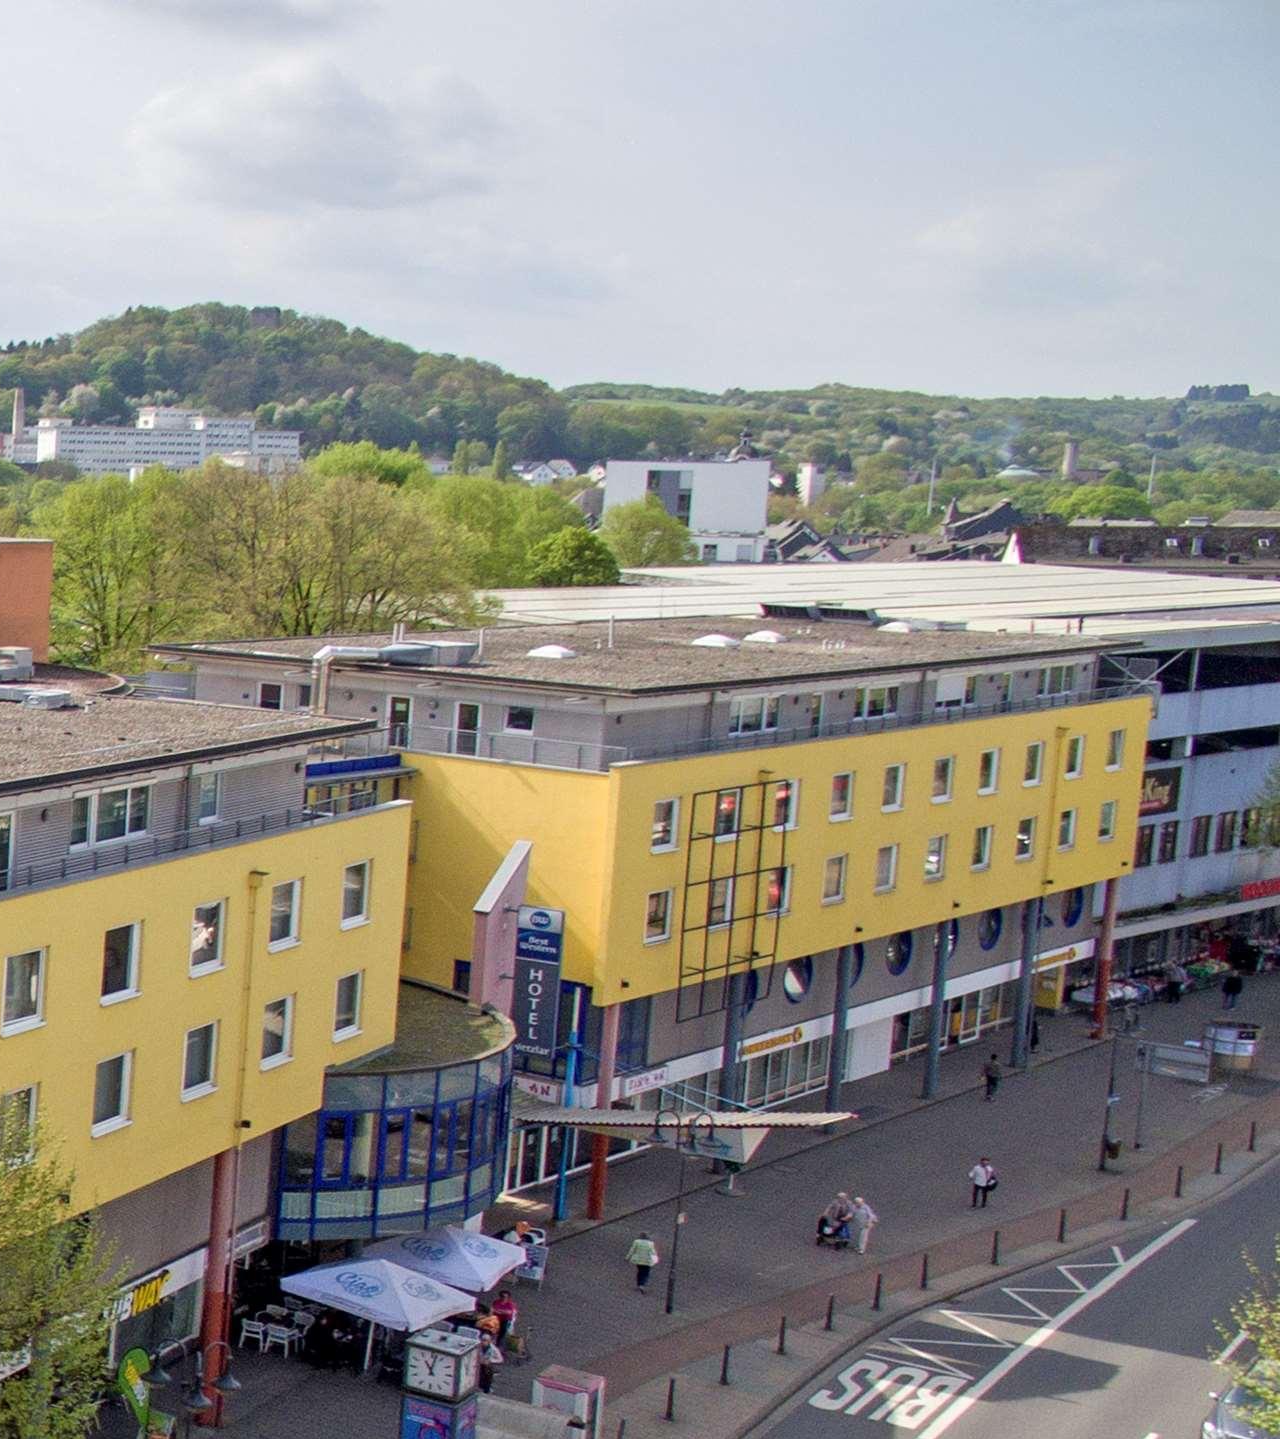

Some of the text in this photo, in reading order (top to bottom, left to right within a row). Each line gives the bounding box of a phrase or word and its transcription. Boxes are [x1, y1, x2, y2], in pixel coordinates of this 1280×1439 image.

[528, 968, 543, 1040] HOTEL
[102, 1268, 168, 1322] UBWAY
[807, 1358, 968, 1430] BUS
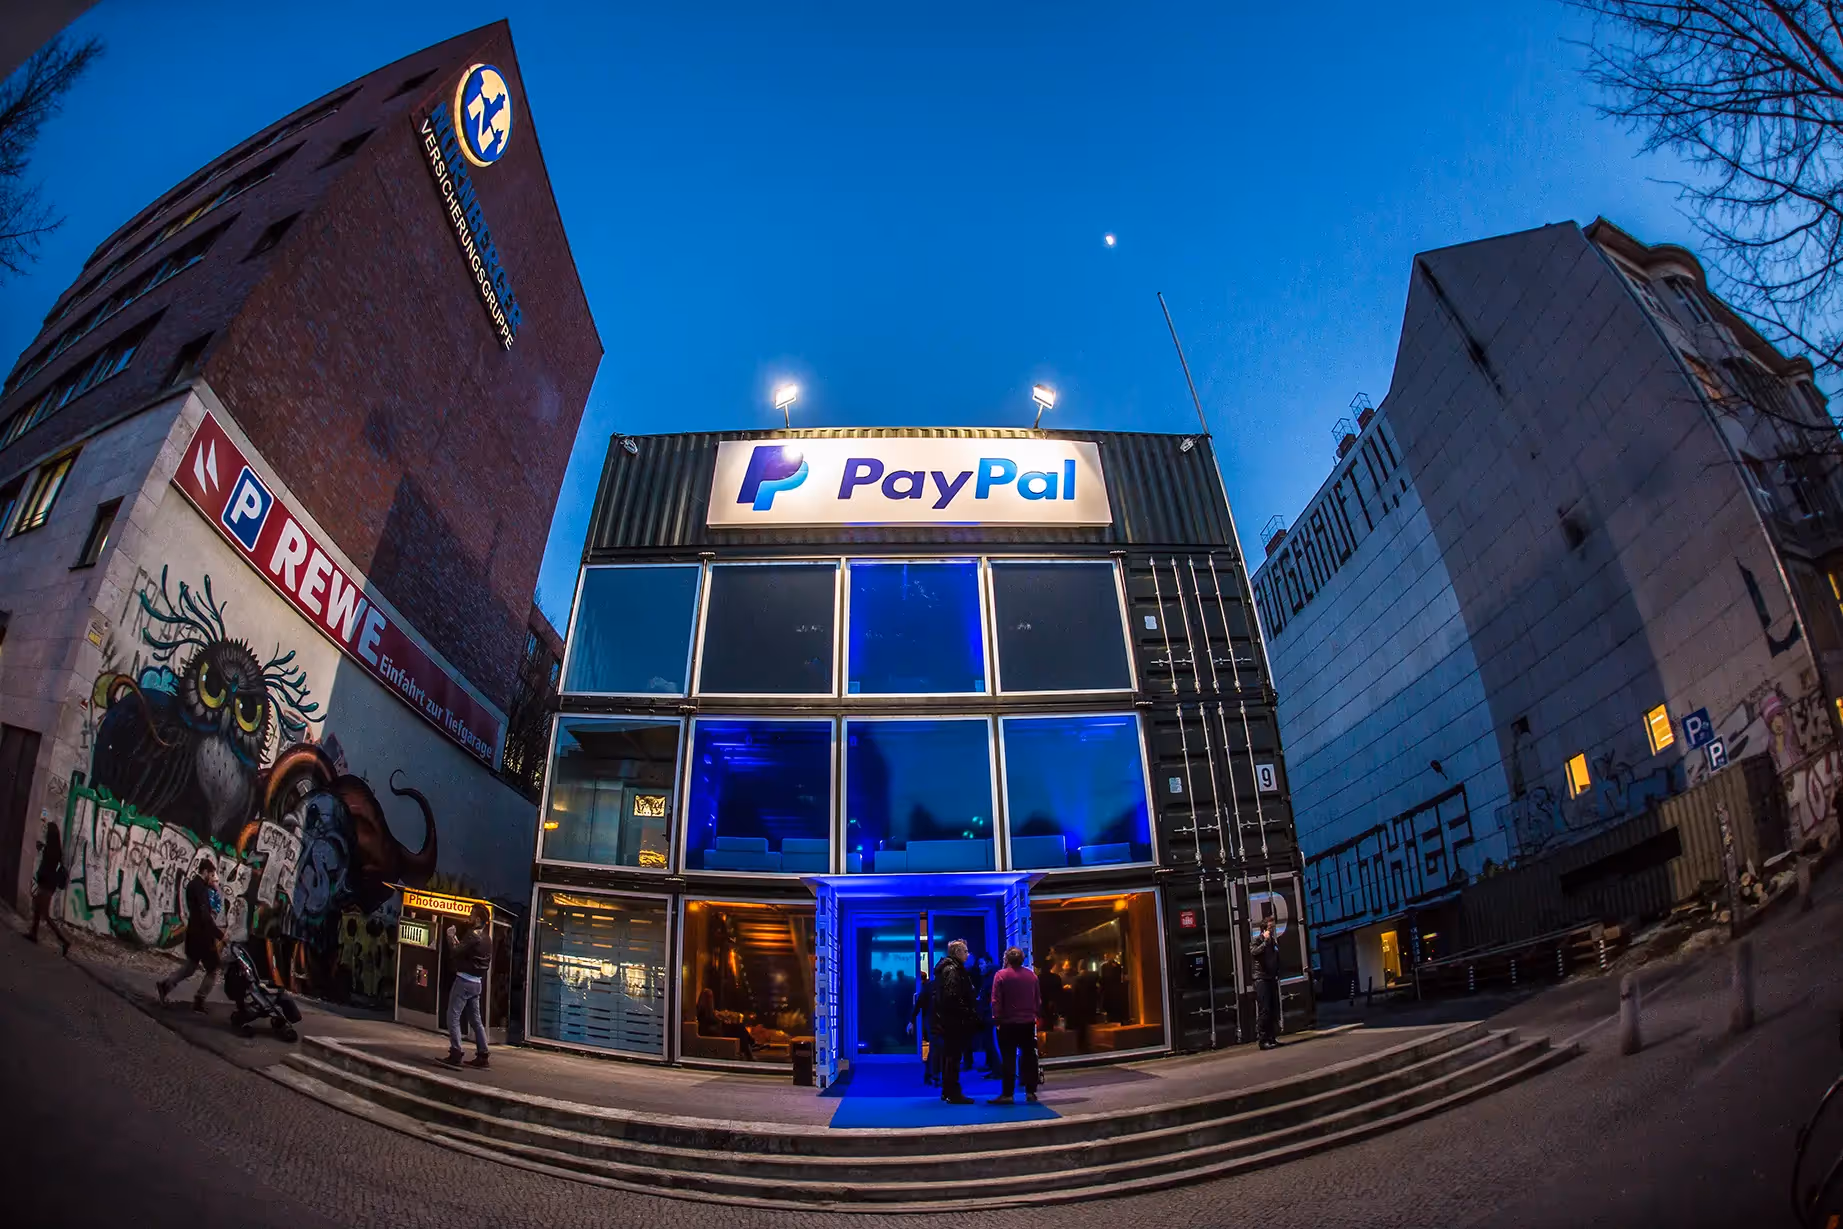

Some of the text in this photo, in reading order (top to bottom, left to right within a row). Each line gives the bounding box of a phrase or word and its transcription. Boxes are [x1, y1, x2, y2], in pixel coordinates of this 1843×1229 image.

━━━━━━━━

WHAT YOU HAVE TO DO: Please retype the records above exactly, leaving every image out.

RESPONSE AREA:
Some of the text in this photo, in reading order (top to bottom, left to right within a row). Each line gives the bounding box of a phrase or word and its transcription. Boxes are [x1, y1, x2, y2], in pixel coordinates of this 1280×1439 image.

[528, 968, 543, 1040] HOTEL
[102, 1268, 168, 1322] UBWAY
[807, 1358, 968, 1430] BUS

Some of the text in this photo, in reading order (top to bottom, left to right within a row). Each line gives the bounding box of a phrase or word and its transcription. Boxes are [x1, y1, x2, y2], in pixel coordinates of this 1843×1229 image.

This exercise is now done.